Affordances – overall, decent

  • Its sturdy but flexible-enough construction allows for easy, natural, even slightly enjoyable page-turning.
  • The animal buttons on the sides of the pages are very easy and discover and use. They invite attention more than well enough and are solidly pushable. The “sliding” buttons on the interior pages also provide relatively easy discovery and use.
  • It succeeds in looking and feeling both like a book and like a toy.

Function and feedback – highly effective (unfortunately…)

  • Auditory and visual feedback are both highly responsive and engaging.

The bad

Mapping – the toy’s true undoing

  • The main culprits are the animal buttons on the sides of each page–which are, in short, a feature that serve as such a terrible distraction that it made me conclude that the toy is bad for kids. There is very little rhyme or reason to exactly what these buttons will do in any given situation–say something about the animal or start the singing of a song on one of the facing pages (but which one?). They flash during any and all actions and are simply too big to ignore. Given their size, it can even be difficult (for adults, let alone children) to turn the pages without grabbing/pressing them.

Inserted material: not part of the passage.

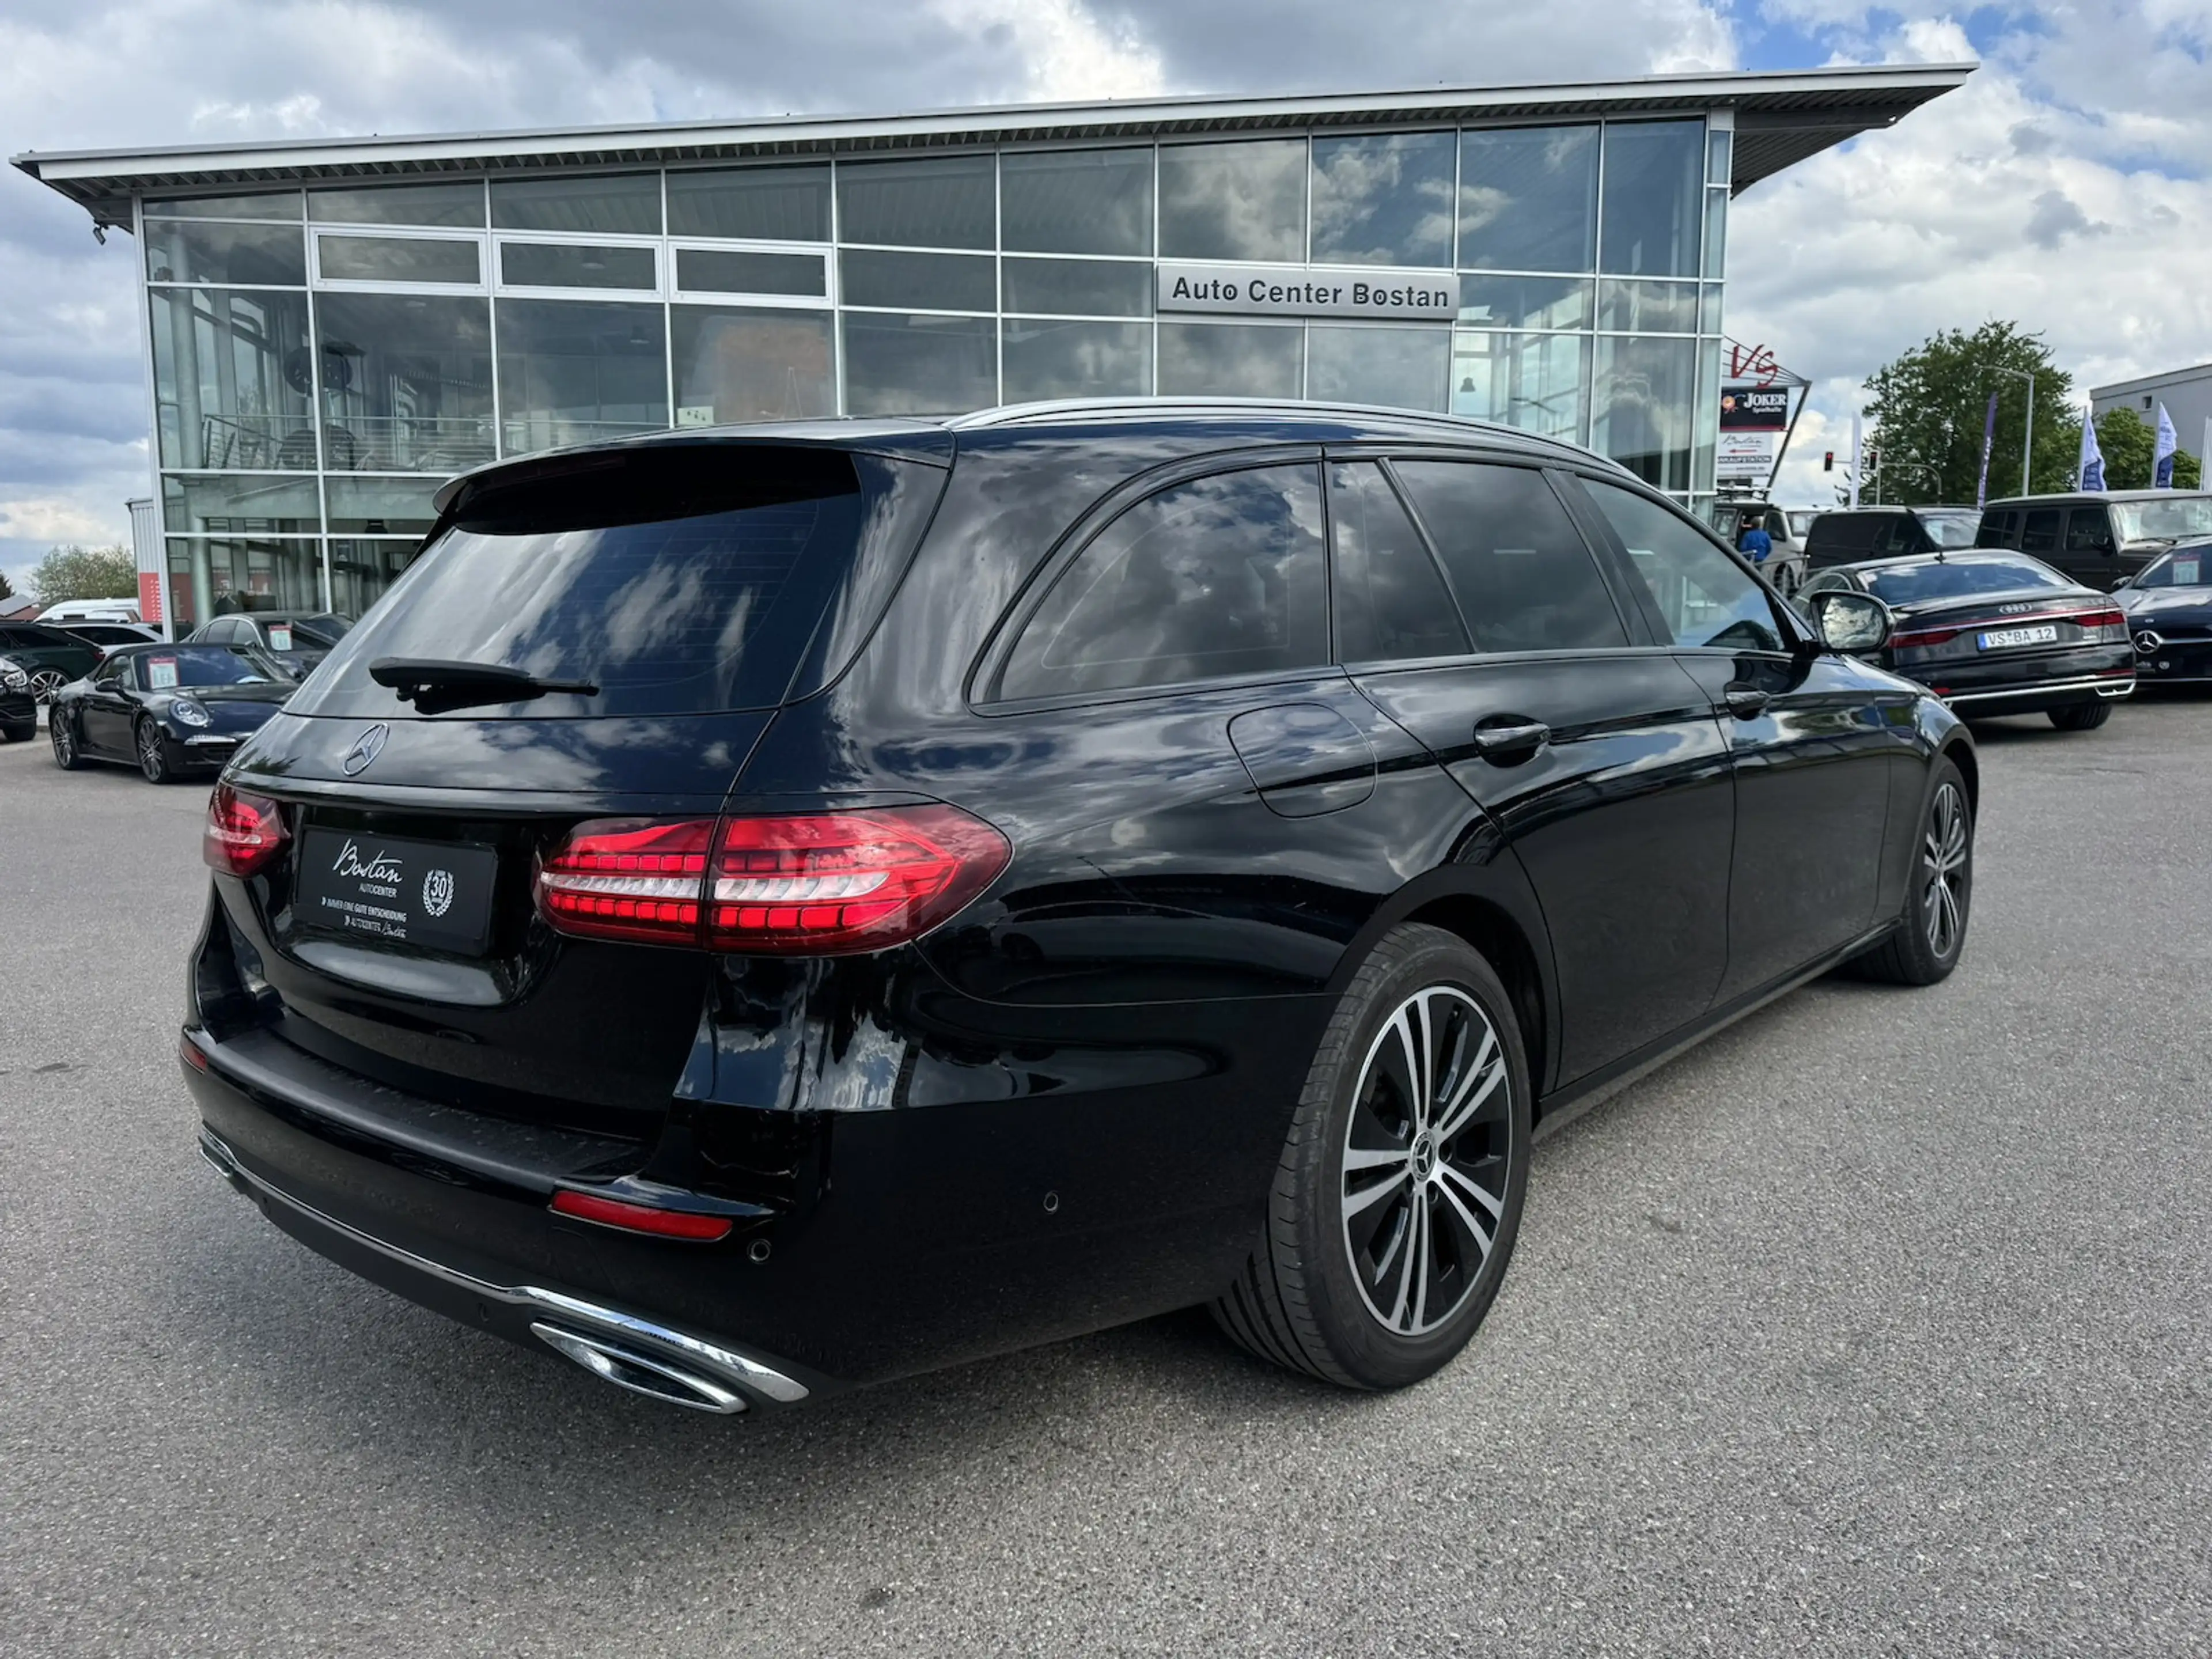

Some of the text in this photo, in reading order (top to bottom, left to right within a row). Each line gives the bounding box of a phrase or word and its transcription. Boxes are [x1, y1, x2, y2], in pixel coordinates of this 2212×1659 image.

Function and feedback–conspiring to distract

  • The on-page slider buttons and the center (“binding”) musical note button also serve as distractions and are far from obvious as to their function. The pressing of any button anywhere on the device stops the current action (such as the singing of a song, which is meant to be done in  conjunction with the words on the page) and begins a new one. “Reading” this book with my kids, I think I was able to get through just one song in its entirety one out of every ten attempts.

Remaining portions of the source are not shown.